Thursday, July 23, 2009

The Great Pacific Garbage Patch

Somebody on the Dennis Miller radio show mentioned something about a giant floating garbage dump in the Atlantic which has collected due to ocean currents. I had to Wiki that one.

Turns out its true; they call it the "Great Pacific Garbage Patch," and it's estimated to be twice the size of Texas. If I understand correctly, it is largely bits of plastic, and has gradually formed because of ocean gyres, which are large scale vortexes created by wind and current patterns. Folks that study this estimate that 80% of it is from land-based rubbish, and 20% from ships.

Walter Mossberg on Migrating to Windows 7

Walter Mossberg, the venerable personal tech guy at the Wall St. Journal, likes the new Windows 7, which Microsoft is releasing on October 22nd. But while upgrading should be pretty smooth for Vista users, XP users like myself are out of luck:

While this latest operating system stresses simplicity, the upgrade process will be anything but simple for the huge base of average consumers still using XP, who likely outnumber Vista users. It will be frustrating, tedious and labor-intensive. In fact, the process will be so painful that, for many XP users, the easiest solution may be to buy a new PC preloaded with Windows 7, if they can afford such a purchase in these dire economic times.
Long story short, most XP users will have to temporarily move all of their data to some other backup system, reformat their hard drive, do a clean install of Win7, and then experience the sheer joy of reinstalling all of your hardware drivers, applications, and application patches. (This is where my strategy using multiple hard drives comes in handy, because I can nuke my C: drive, where my operating system lives, without destroying any of my data, which I keep on other drives.)

I'll be sticking with XP for as long as I can.

Wednesday, July 22, 2009

Robo-Ethicists Want to Revamp Asimov’s 3 Laws

From Wired News, a new look at Artificial Intelligence by "robo-ethicists.":

Two years ago, a military robot used in the South African army killed nine soldiers after a malfunction. Earlier this year, a Swedish factory was fined after a robot machine injured one of the workers (though part of the blame was assigned to the worker). Robots have been found guilty of other smaller offenses such as an incorrectly responding to a request.

So how do you prevent problems like this from happening? Stop making psychopathic robots, say robot experts.

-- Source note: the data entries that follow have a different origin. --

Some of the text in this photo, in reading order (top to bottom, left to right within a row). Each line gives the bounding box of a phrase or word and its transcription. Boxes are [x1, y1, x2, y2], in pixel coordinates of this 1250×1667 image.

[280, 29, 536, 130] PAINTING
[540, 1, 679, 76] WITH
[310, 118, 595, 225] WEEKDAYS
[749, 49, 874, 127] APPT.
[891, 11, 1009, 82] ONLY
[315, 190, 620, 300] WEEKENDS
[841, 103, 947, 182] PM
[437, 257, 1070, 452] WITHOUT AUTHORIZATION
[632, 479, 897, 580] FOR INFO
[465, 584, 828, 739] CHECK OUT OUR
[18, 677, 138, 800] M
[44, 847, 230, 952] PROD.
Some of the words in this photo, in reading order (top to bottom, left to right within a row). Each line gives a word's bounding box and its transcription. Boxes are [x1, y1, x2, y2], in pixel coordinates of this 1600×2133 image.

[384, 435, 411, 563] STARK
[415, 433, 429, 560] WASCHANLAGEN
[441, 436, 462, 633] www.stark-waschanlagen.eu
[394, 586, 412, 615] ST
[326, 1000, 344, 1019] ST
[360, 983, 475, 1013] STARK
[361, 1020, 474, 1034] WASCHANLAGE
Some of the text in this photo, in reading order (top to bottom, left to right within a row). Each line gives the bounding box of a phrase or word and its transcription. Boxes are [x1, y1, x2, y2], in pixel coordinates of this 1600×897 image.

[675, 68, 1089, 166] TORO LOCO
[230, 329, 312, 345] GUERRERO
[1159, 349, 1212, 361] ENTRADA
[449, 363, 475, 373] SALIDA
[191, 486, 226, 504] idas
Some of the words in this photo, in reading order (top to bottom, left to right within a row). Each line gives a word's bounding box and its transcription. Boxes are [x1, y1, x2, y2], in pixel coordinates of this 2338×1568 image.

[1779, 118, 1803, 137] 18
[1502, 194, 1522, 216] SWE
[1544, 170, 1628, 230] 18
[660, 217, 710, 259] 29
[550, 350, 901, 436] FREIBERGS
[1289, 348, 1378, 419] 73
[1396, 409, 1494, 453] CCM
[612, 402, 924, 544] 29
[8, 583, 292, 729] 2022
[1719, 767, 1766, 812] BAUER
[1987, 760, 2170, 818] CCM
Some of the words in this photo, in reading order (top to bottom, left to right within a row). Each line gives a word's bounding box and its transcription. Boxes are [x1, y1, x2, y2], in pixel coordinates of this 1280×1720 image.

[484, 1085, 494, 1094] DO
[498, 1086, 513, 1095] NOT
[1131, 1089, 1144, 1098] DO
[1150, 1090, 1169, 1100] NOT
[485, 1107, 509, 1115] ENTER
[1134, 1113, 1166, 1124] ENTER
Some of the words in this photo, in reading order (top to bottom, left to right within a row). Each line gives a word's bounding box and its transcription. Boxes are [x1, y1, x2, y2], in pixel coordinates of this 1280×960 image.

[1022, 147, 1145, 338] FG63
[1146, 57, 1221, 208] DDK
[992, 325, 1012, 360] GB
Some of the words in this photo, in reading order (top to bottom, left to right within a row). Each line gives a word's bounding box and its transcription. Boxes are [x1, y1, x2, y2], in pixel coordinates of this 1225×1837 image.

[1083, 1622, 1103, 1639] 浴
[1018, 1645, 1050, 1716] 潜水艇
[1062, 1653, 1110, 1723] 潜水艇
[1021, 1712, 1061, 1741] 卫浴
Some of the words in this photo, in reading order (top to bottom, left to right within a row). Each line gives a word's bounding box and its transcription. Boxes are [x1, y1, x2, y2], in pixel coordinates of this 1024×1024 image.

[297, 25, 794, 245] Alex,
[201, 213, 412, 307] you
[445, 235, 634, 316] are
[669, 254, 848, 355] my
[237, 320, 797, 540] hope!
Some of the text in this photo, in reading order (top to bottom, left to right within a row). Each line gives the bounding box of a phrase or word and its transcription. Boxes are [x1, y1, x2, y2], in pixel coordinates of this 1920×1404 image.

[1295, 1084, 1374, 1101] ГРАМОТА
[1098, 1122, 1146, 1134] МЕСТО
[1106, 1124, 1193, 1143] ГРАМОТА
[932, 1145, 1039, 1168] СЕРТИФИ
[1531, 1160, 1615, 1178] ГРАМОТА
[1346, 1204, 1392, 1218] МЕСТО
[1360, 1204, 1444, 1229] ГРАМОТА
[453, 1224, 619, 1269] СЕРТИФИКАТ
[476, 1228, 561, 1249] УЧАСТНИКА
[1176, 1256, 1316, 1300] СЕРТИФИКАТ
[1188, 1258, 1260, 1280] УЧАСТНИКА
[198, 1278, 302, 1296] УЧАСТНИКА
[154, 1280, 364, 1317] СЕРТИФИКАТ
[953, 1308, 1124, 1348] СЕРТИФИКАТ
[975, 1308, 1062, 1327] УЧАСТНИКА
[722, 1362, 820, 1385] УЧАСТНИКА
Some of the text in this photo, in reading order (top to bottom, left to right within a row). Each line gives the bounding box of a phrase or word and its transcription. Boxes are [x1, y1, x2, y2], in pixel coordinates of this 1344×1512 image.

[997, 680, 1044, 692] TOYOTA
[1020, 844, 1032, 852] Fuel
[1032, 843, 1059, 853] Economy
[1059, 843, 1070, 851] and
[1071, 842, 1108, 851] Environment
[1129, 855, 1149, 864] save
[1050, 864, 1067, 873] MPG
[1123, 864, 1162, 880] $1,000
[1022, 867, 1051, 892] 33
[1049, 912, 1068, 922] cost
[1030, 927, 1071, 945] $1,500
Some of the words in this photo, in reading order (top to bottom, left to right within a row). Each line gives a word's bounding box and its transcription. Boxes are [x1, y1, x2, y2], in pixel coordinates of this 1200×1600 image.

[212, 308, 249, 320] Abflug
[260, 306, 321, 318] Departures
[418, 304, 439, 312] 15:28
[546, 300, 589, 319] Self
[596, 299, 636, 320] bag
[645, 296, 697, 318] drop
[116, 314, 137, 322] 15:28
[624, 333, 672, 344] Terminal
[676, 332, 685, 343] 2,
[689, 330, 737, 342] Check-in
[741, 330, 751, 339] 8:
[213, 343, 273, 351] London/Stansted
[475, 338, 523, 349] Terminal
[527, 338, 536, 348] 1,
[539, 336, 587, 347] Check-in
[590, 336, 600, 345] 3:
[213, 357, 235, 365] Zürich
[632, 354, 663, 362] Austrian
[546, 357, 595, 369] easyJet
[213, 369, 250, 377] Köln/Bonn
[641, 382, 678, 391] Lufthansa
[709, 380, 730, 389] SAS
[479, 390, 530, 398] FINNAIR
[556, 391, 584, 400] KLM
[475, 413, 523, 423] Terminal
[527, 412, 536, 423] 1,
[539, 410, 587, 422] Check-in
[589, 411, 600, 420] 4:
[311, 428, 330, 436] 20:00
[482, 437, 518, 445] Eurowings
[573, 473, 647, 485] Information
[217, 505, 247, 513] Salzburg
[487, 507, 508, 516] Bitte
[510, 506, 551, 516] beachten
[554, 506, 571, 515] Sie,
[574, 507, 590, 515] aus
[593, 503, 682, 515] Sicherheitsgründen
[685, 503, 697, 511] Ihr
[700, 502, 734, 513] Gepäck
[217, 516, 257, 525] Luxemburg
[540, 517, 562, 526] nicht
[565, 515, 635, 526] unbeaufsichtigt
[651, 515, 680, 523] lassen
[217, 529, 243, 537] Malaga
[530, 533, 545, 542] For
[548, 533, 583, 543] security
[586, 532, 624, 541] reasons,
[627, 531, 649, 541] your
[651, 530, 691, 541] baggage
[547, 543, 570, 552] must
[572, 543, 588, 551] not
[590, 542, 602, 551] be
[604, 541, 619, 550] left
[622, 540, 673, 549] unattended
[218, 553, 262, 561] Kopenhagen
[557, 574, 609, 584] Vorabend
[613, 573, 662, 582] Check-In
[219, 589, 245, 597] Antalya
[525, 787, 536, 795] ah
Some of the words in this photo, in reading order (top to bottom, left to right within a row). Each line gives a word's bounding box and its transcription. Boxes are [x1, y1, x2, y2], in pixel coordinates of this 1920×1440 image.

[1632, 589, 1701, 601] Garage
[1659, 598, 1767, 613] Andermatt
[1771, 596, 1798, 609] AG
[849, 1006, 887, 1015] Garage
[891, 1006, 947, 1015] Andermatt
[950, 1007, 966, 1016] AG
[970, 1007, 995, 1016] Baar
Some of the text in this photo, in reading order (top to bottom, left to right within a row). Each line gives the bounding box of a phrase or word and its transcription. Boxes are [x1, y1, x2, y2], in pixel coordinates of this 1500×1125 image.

“If you build artificial intelligence but don’t think about its moral sense or create a conscious sense that feels regret for doing something wrong, then technically it is a psychopath,” says Josh Hall, a scientist who wrote the book Beyond AI: Creating the Conscience of a Machine.

For years, science fiction author Issac Asimov’s Three Laws of Robotics were regarded as sufficient for robotics enthusiasts. The laws, as first laid out in the short story “Runaround,” were simple: A robot may not injure a human being or allow one to come to harm; a robot must obey orders given by human beings; and a robot must protect its own existence. Each of the laws takes precedence over the ones following it, so that under Asimov’s rules, a robot cannot be ordered to kill a human, and it must obey orders even if that would result in its own destruction.